Installing and Configuring Karpenter on Fargate for Autoscaling in Amazon EKS

Customers seeking to architect their Kubernetes cluster for best practices maximise on autoscaling which is an important concept in the AWS well-architected framework. As workloads increases and often times with changing compute capacity requirements, organizations wants to adapt to these changes but with concerns for selecting the resource types and sizes optimized for workload requirements and ultimately avoid unnecessary costs.

Karpenter is an open-source cluster autoscaler that automatically provisions new nodes in response to unschedulable pods in Kubernetes cluster. With Karpenter, you don’t need to create several node groups to achieve flexibility and diversity if you want to isolate nodes based on operating systems or compute type. For example, you may have a cluster that consist of GPU, CPU and Habana Gaudi accelerators instance types, to achieve this without Karpenter, you will need to create dedicated node groups for each instance type and use nodeSelectors to achieve node selection constraint.

When you deploy Karpenter in your Kubernetes cluster, it installs the Karpenter controller and a webhook pod that must be in running state before the controller can be used for scaling your cluster. This would require a minimum of one small node group with at least one worker node. As an alternative, you can run these pods on EKS Fargate by creating a Fargate profile for the karpenter namespace.

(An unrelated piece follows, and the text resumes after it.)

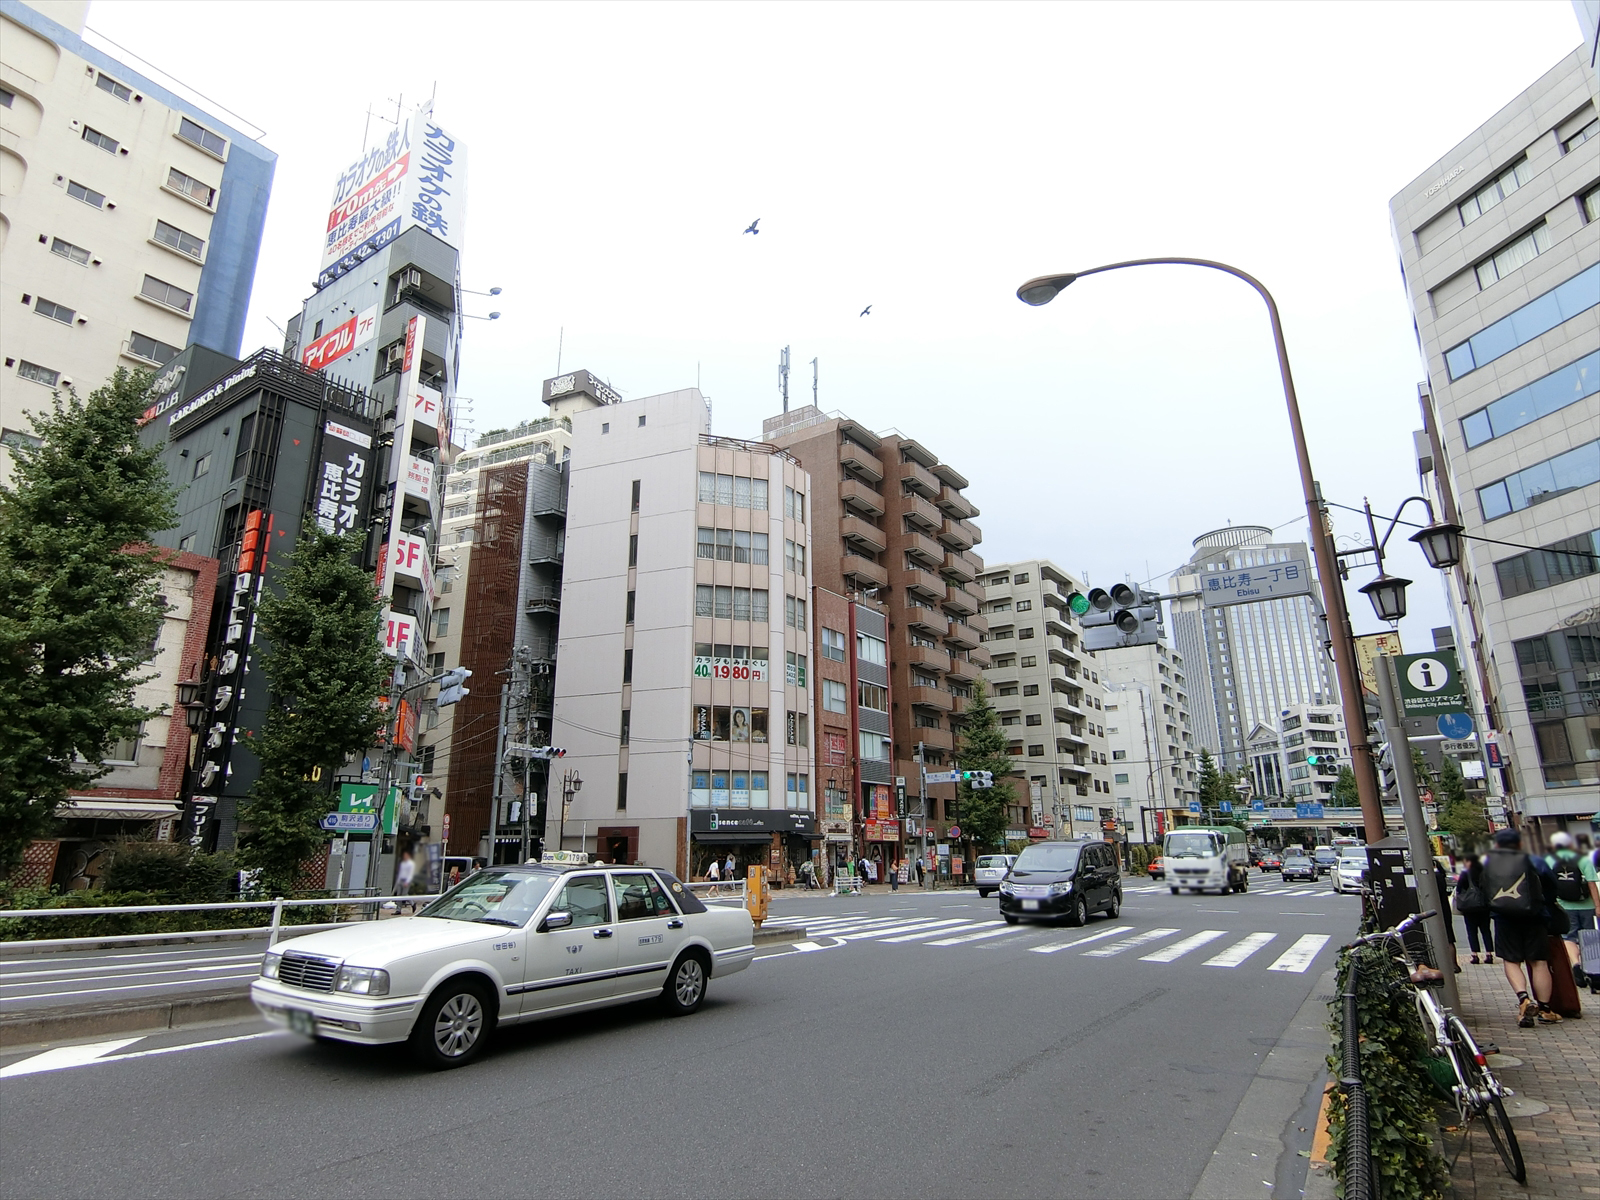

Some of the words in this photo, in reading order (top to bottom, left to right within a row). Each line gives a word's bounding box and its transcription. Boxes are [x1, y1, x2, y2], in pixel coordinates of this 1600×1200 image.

Doing so will cause all pods deployed into this namespace to run on EKS Fargate.

Image not found

About
✅ AWS experience	200 - Intermediate
⏱ Time to complete	30 minutes
🧩 Prerequisites	- AWS Account
📢 Feedback	Any feedback, issues, or just a 👍 / 👎 ?
⏰ Last Updated	2024-01-19

Prerequisites

Before you begin this tutorial, you need to:

Install the latest version of kubectl. To check your version, run: kubectl version.
Install the latest version of eksctl. To check your version, run: eksctl info.
Install the latest version of Helm CLI

Overview

Using the eksctl cluster template that follows, you'll build an Amazon EKS cluster with Fargate profile to provide the compute capacity we need to run the core clusters components in the karpenter and kube-system namespaces. It configures the following components:

Fargate Profile: AWS Fargate is a compute engine for EKS that removes the need to configure, manage, and scale EC2 instances. Fargate ensures Availability Zone spread while removing the complexity of managing EC2 infrastructure and works to ensure that pods in a Replica Service are balanced across Availability Zones.
Authentication: Necessary IAM Roles for Service Accounts (IRSAs) mappings to enable communication between Kubernetes pods and AWS services. This includes the Karpenter Controller responsible for provisioning EC2 compute capacity needed in the cluster. Additionally, an OpenID Connect (OIDC) endpoint enables seamless and secure communication.
Identity Mappings: Necessary mapping for the Karpenter IAM principal and the required cluster's role-based access control (RBAC) configuration in the Amazon EKS control plane.
Sample Application Deployment: Create a sample deployment to validate that Karpenter autoscales compute capacity needed as pod counts increase.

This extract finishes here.